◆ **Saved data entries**
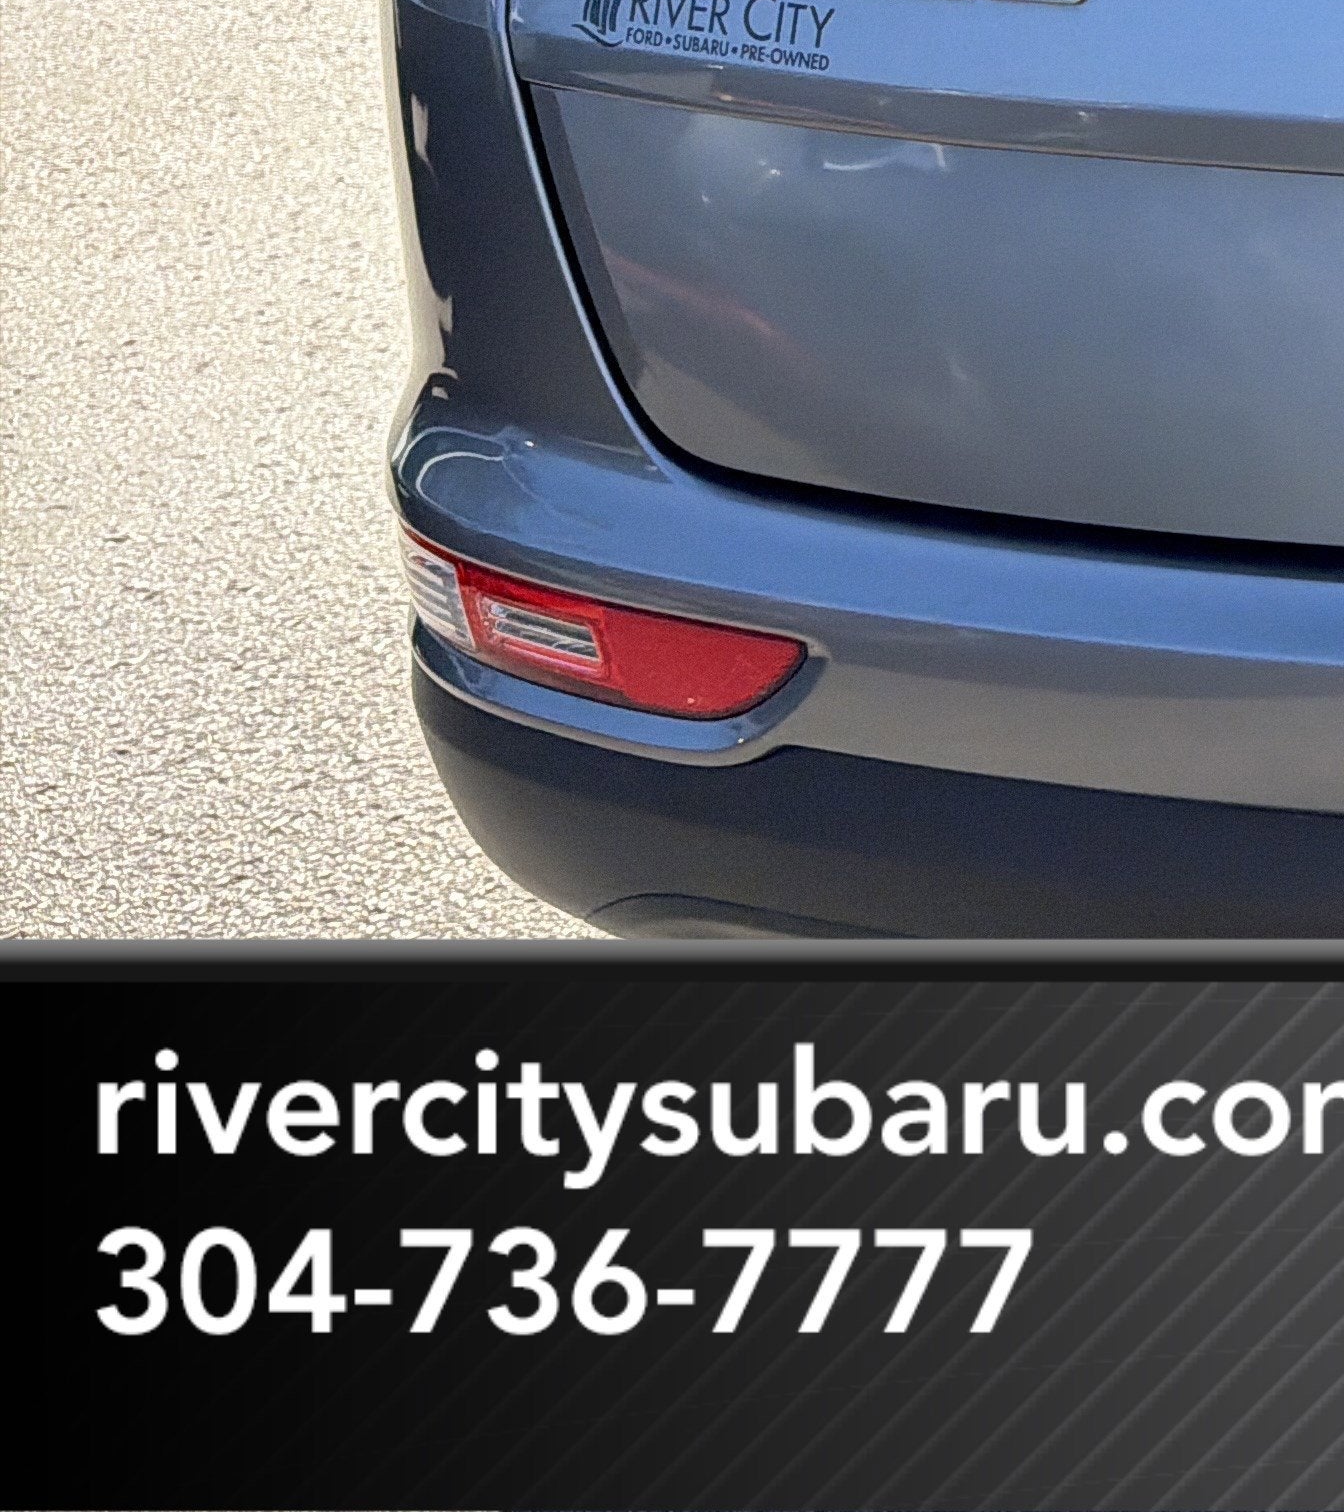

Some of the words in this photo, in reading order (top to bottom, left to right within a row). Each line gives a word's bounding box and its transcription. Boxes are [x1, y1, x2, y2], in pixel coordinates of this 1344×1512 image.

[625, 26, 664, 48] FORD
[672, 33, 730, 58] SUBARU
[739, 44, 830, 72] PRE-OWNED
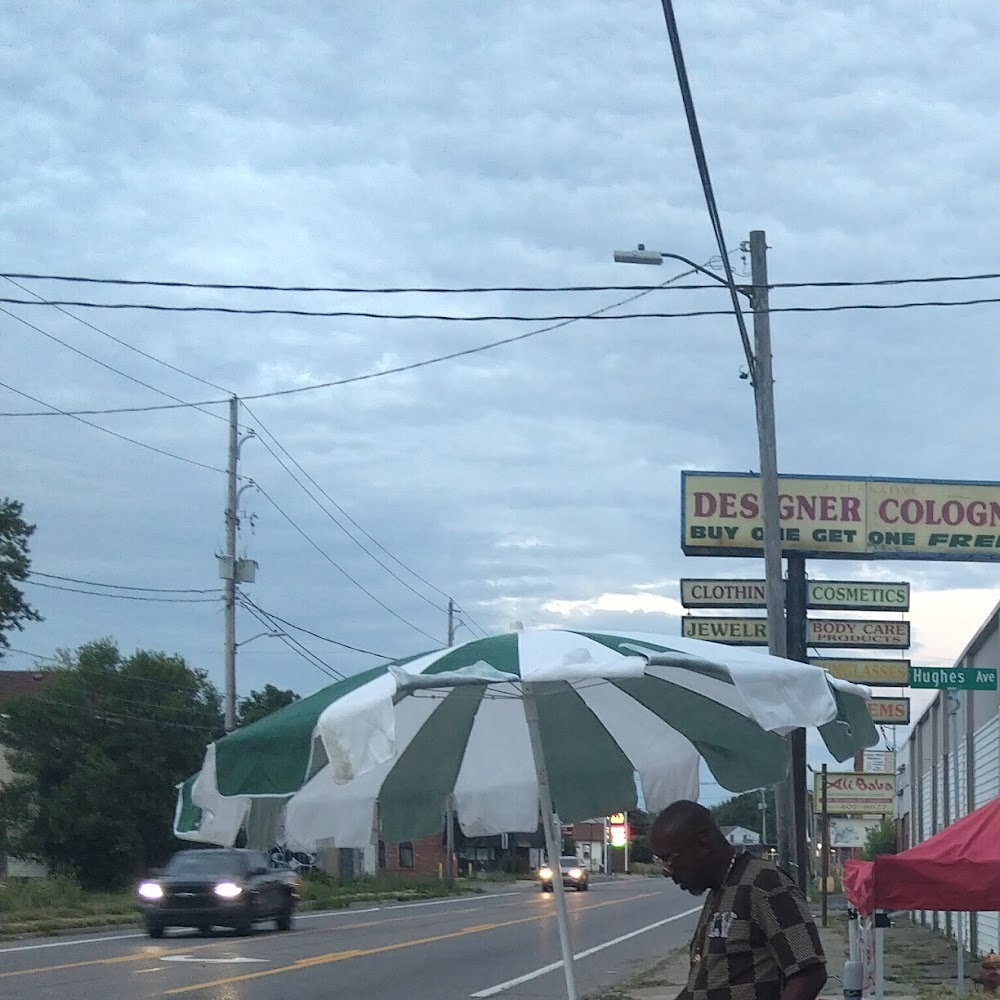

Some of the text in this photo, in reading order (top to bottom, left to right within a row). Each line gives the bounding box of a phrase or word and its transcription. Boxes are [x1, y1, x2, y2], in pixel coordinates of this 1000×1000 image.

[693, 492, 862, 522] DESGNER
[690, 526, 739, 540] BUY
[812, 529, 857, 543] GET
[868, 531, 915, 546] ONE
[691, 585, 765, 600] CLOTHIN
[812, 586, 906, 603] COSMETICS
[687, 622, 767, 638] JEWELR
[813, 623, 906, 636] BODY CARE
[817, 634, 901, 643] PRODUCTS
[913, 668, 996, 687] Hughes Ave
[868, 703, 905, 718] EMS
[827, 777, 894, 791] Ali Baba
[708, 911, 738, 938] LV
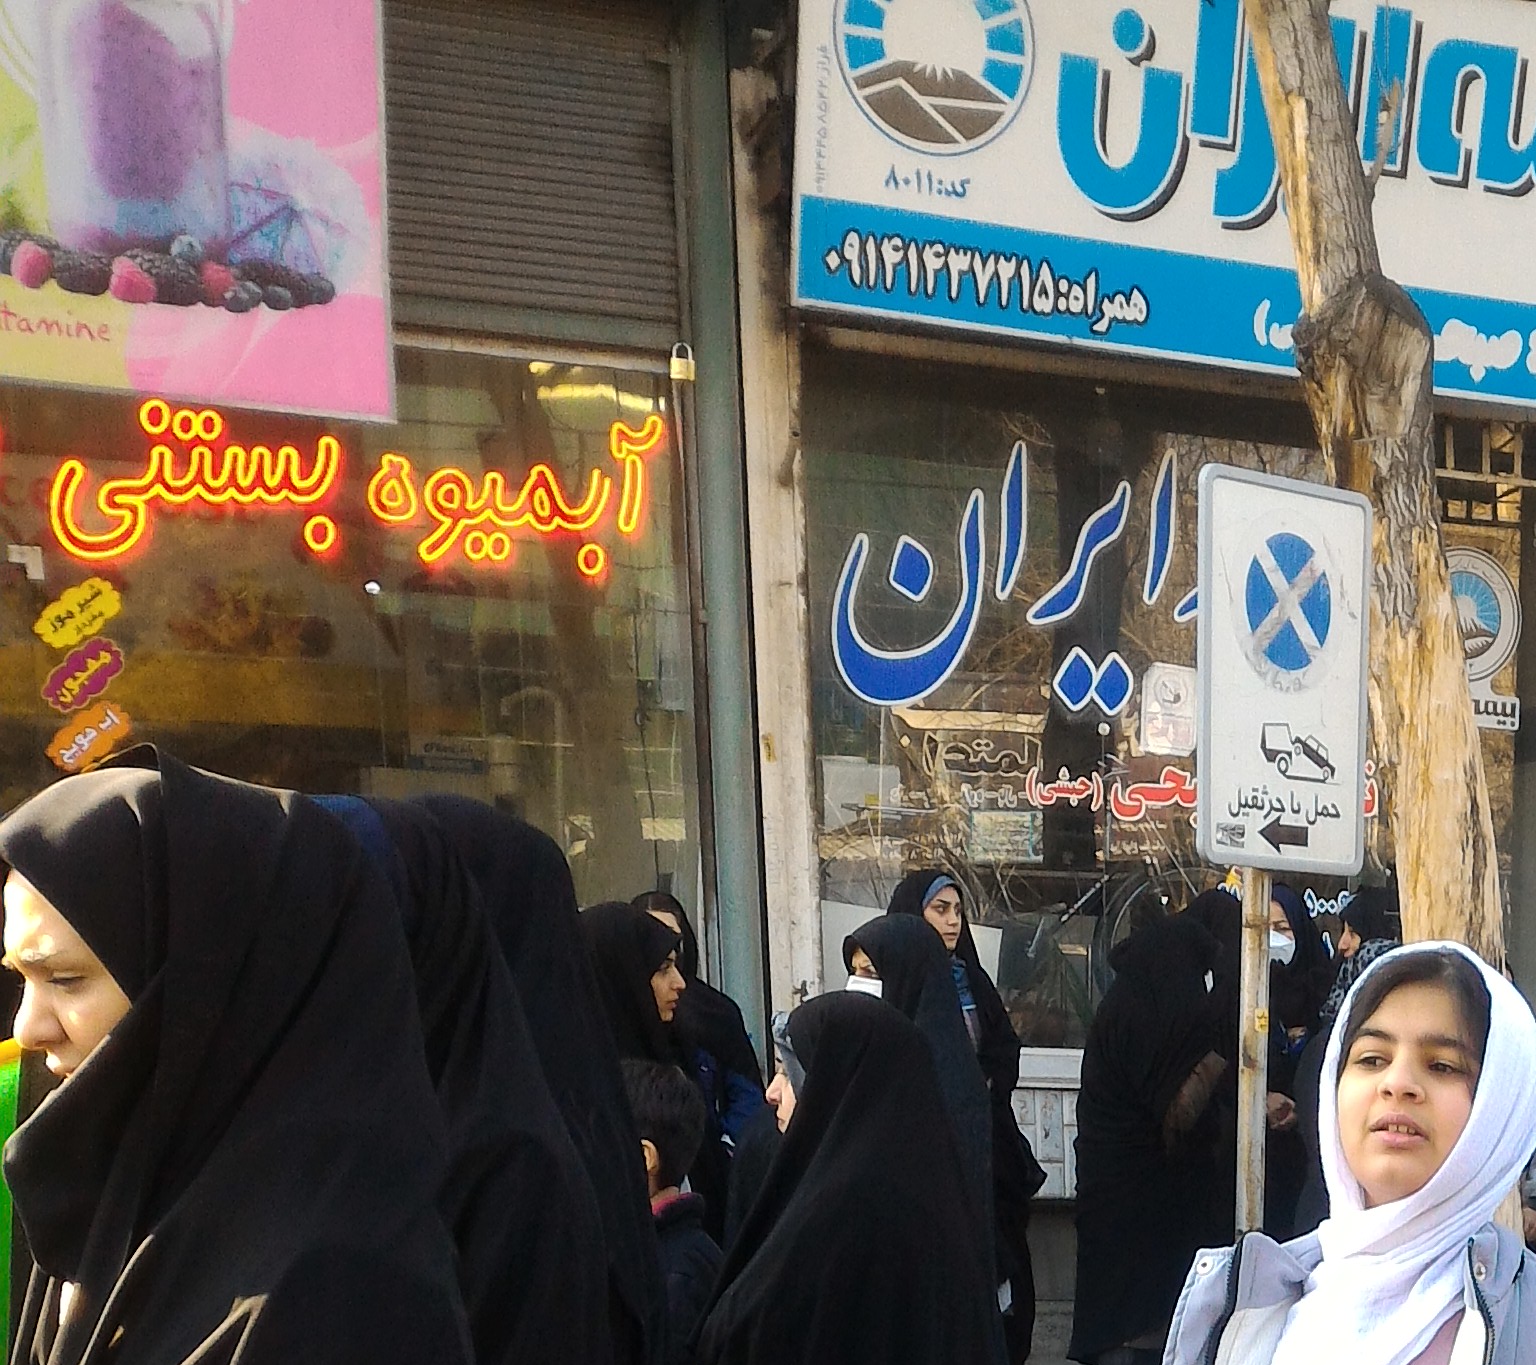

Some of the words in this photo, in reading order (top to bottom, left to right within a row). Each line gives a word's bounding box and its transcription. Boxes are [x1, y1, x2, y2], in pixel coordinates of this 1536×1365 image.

==

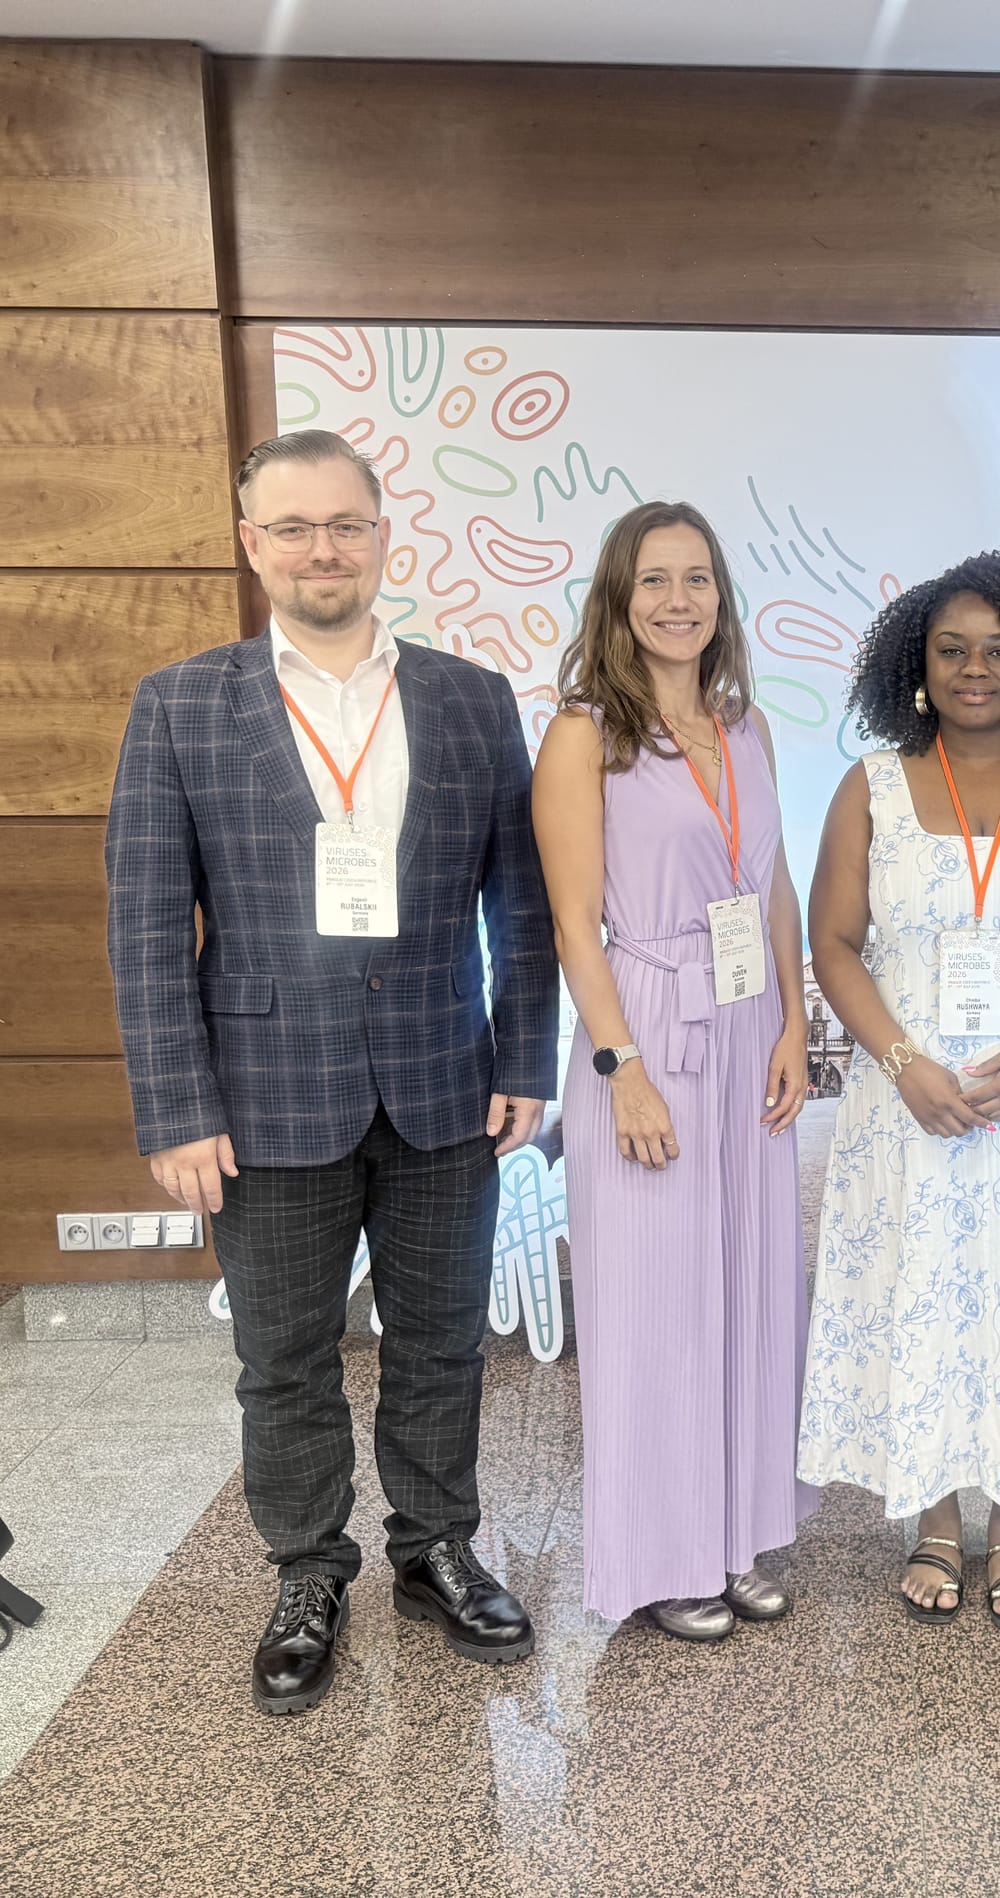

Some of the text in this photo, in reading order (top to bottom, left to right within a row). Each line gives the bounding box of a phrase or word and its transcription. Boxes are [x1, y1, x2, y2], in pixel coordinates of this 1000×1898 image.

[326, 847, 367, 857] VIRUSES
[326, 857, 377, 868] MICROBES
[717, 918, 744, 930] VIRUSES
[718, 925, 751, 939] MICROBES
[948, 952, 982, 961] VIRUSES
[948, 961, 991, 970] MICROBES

◆ **Task goal**
Give back exactly the lines above that run from the one with "this 1000×1000 image." to the one with "this 1536×1365 image.", including both, with the pictures left out.

◆ **Solution**
Some of the text in this photo, in reading order (top to bottom, left to right within a row). Each line gives the bounding box of a phrase or word and its transcription. Boxes are [x1, y1, x2, y2], in pixel coordinates of this 1000×1000 image.

[693, 492, 862, 522] DESGNER
[690, 526, 739, 540] BUY
[812, 529, 857, 543] GET
[868, 531, 915, 546] ONE
[691, 585, 765, 600] CLOTHIN
[812, 586, 906, 603] COSMETICS
[687, 622, 767, 638] JEWELR
[813, 623, 906, 636] BODY CARE
[817, 634, 901, 643] PRODUCTS
[913, 668, 996, 687] Hughes Ave
[868, 703, 905, 718] EMS
[827, 777, 894, 791] Ali Baba
[708, 911, 738, 938] LV

Some of the words in this photo, in reading order (top to bottom, left to right within a row). Each line gives a word's bounding box and its transcription. Boxes are [x1, y1, x2, y2], in pixel coordinates of this 1536×1365 image.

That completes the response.